◆ AIM OF THE TASK ◆
Beneath this task are records; count the lines among them that contain the word "COMPETITION" and answer with the number only.

------------------------

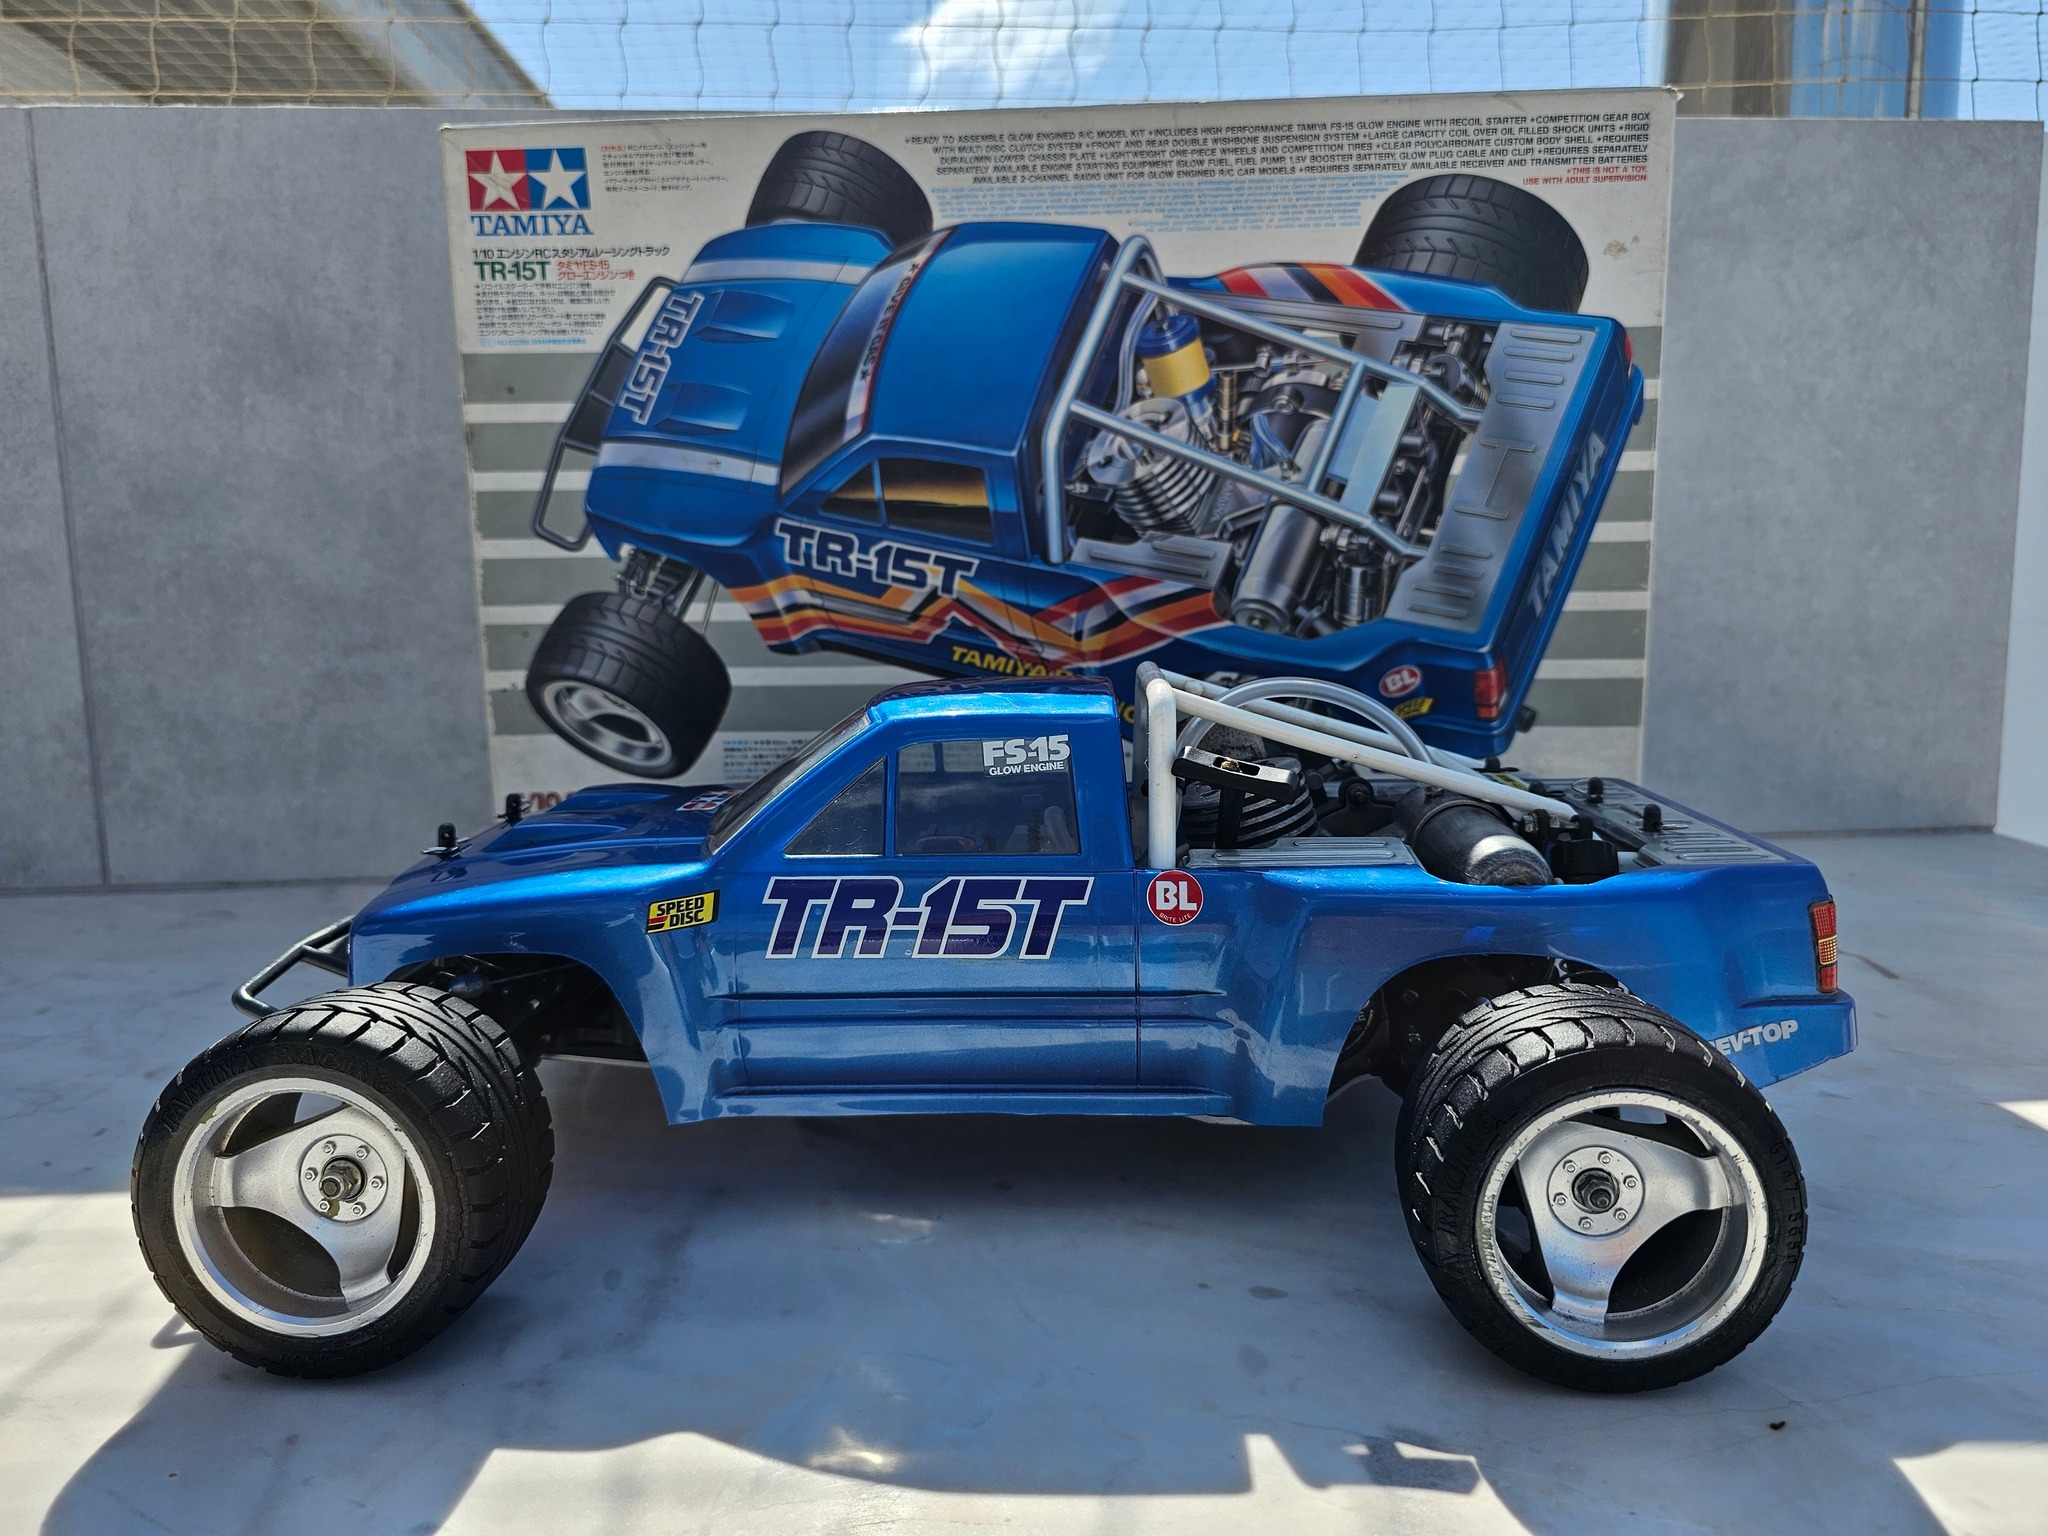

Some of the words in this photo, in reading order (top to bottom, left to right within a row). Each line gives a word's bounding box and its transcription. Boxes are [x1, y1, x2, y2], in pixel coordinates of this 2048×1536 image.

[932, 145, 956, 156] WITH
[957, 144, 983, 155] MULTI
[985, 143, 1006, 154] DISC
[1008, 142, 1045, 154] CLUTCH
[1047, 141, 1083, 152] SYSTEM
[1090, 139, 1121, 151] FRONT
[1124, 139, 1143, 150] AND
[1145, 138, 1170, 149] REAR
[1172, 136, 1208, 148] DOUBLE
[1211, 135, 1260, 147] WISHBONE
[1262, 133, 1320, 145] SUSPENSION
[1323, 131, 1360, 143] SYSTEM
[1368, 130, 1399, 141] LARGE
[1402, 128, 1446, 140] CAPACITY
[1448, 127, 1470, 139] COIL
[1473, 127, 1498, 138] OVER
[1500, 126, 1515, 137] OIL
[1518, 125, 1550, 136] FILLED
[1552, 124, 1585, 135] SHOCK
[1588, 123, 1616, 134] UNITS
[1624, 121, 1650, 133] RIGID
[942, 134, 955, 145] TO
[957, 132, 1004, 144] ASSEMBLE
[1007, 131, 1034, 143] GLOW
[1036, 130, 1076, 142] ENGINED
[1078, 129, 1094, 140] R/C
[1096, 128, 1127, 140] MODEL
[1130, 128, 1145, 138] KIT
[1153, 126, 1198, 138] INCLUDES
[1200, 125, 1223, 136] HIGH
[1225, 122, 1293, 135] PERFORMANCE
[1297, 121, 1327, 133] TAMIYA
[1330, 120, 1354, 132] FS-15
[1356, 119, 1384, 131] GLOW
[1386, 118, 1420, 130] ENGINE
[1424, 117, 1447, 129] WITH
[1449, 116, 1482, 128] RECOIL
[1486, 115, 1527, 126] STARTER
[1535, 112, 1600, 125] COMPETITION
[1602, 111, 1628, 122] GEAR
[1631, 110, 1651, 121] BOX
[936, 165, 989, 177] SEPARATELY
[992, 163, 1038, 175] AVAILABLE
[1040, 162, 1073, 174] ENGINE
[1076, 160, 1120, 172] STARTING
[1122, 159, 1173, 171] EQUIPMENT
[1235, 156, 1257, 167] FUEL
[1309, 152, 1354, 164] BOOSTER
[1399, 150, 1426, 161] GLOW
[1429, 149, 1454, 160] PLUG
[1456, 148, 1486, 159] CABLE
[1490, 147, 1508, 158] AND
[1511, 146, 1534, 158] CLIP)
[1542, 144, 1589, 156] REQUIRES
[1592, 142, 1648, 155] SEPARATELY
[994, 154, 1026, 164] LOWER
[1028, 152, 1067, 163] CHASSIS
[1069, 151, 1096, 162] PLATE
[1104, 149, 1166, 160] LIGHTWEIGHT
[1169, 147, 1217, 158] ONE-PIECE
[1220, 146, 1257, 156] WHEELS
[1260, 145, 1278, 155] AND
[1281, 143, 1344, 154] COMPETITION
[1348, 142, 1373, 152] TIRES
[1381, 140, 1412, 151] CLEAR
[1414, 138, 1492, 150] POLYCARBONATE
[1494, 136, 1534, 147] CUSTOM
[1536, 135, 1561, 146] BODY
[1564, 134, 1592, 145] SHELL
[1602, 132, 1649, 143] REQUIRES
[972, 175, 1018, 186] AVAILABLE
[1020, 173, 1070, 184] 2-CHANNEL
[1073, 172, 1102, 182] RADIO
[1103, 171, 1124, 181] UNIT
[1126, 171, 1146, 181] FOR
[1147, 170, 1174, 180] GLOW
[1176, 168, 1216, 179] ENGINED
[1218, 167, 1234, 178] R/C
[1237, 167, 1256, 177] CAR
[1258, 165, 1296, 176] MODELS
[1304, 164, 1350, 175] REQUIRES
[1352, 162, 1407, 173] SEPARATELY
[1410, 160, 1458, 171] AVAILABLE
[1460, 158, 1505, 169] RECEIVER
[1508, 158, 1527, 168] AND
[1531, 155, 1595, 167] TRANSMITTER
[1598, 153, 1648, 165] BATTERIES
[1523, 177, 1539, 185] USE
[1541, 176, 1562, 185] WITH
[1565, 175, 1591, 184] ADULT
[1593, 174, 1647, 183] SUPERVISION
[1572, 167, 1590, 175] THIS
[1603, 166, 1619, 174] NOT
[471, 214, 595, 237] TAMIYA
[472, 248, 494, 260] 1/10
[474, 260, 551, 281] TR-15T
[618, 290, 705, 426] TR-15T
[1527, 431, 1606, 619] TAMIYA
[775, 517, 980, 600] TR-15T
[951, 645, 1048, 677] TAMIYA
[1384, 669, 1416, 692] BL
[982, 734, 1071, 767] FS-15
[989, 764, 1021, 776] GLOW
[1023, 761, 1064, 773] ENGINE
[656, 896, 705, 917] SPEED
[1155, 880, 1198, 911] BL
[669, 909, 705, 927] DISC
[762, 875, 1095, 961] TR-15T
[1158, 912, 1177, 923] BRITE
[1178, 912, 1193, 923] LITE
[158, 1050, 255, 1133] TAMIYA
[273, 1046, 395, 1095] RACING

------------------------

◆ ANSWER SECTION ◆
2